In answering these questions, consider a few hallmarks of a good gentle yoga class.

What Makes a Yoga Class “Gentle”?

Gentle yoga lies somewhere along the spectrum between flow and a class that is mostly seated or with long holds (such as restorative or yin yoga). It offers nurturing, kindness, and compassion for the body, regardless of whether a student is injured or healthy, young or old, pregnant or not. In other words, it is not simply your vinyasa or power yoga class slowed down a bit. Reconciling your own definition of “gentle yoga” with that of your students will be important in offering a class that is helpful and rewarding for all. If it turns out that your interpretations are vastly different, you might teach from a reasonable base of student expectations, and from there add other possible options.

Reconciling your own definition of “gentle yoga” with that of your students will be important in offering a class that is helpful and rewarding for all.

Whether you teach a standing flow or with the entire class on the floor, gentle yoga moves slowly and mindfully—allowing every student to move safely into each pose, with sufficient time to employ props and make adjustments. Especially for the first few classes, it could take five minutes or more for everyone in the class to fine-tune alignment in a single pose.

Using props will be a huge benefit. Often students don’t know how to position the props to best suit their needs. They might need some input, as well as the opportunity to experiment and discover (through trial and error) what works and what doesn’t. And remember that the wall is also a prop, and some yogis may need to use it for balance poses or to move in and out of certain asanas (even seated ones, leaning against the wall, and/or placing their hands on the wall to come up), and that takes time.
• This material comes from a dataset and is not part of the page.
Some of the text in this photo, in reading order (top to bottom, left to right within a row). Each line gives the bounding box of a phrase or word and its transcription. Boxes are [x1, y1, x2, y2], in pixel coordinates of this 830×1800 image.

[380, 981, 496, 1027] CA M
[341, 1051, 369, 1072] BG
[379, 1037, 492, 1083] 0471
What to Avoid in Gentle Yoga

When teaching standing poses, try to group them together. In gentle yoga, it’s best to avoid a lot of transitioning from standing to sitting and back again. Participants might have trouble moving between the two, not to mention the energetic shifts that occur when transitioning to the floor from standing, and vice versa. Minimizing these shifts will allow for a smoother experience, which is especially important in a gentle yoga class. Also consider modifications for standing poses that use the wall or a chair. Fear of falling can make it difficult to stay in a pose or to stick with a practice.

Another thing to avoid in gentle yoga is cramming too many poses into a practice. You may teach only five or six poses, but if you take your time with them and allow students to explore them with different alignment, modifications, and props, these will be five “go to” poses that students are comfortable practicing.
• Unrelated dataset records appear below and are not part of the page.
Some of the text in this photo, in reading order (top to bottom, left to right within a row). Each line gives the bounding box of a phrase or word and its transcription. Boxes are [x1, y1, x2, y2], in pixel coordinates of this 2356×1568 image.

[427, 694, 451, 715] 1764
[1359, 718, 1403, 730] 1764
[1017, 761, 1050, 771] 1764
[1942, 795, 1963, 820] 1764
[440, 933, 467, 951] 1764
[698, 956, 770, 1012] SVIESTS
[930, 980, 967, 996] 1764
As a teacher of gentle yoga, use the props when you demonstrate, even if you don’t need them. Lead by example, showing how props can help every yogi get the most out of a pose.

Also consider words and language. Avoid saying “If you can’t,” as in, “If you can’t touch the floor, use blocks.” Instead, offer props as options, and explain why they’re useful: “One option is to use the blocks to bring the floor closer to you.” Meet your students where they are, and cue from there. Similarly, avoid using the word “just” in a way that suggests limitation—as in, “If your back rounds in downward facing dog, just bend your knees.” Rather, build from a basic expression of the pose, and encourage students to stay and breathe wherever they find their edge—observing any changes that develop, and evolving with the breath and with time. Invite students who haven’t yet found their edge, or who are in the mood for something different, to try another expression of the pose (refraining from labeling it “advanced” or “harder” or “deeper”).
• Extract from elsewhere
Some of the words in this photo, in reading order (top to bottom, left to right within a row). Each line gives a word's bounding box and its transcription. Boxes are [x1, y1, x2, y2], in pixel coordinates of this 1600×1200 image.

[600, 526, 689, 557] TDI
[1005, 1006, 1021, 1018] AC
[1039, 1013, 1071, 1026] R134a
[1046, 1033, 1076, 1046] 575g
Meet your students where they are, and cue from there.

Addressing Common Concerns

Students may not know what to expect from a gentle class. They may wonder if the class is seated or standing, or if people with injuries can participate. Or they may think they’re not flexible enough to take even a gentle class.

Some may have a fear of falling or getting into a pose they can’t get out of (or appearing awkward doing so). If they have limited mobility, they may be self-conscious about getting up from the floor or moving down to the floor. A chair or bar can be useful, but students may still worry about appearing ungainly. Offer students the opportunity to come early to get themselves set up without anyone watching.

Here are a few more concerns students might have:

‌• Concern that the practice will hurt or cause pain afterward

‌• Concern that their need for additional help may look like “hogging” the teacher’s attention

‌• Concern about their lack of knowledge as to how to use props and how to move the body

In your advance promotional materials and class descriptions, provide an idea of the scope of the class so that students know what to expect. And consider addressing potential concerns during the class. Your reassurances can be peppered throughout the practice while students are holding poses, offered in a lighthearted manner that allows everyone to relax into the experience. Students will be relieved that you can relate to what they are feeling.

Poses and Practices Suitable for Gentle Yoga

Practices that show synergies with gentle yoga include:

‌• Restorative

‌• Yin

‌• Seated movement and meditation

Some wonderful asanas suitable for gentle yoga include:

‌• Mountain pose (tadasana)

‌• Standing forward bend (uttanasana) or half standing forward bend (ardha uttanasana)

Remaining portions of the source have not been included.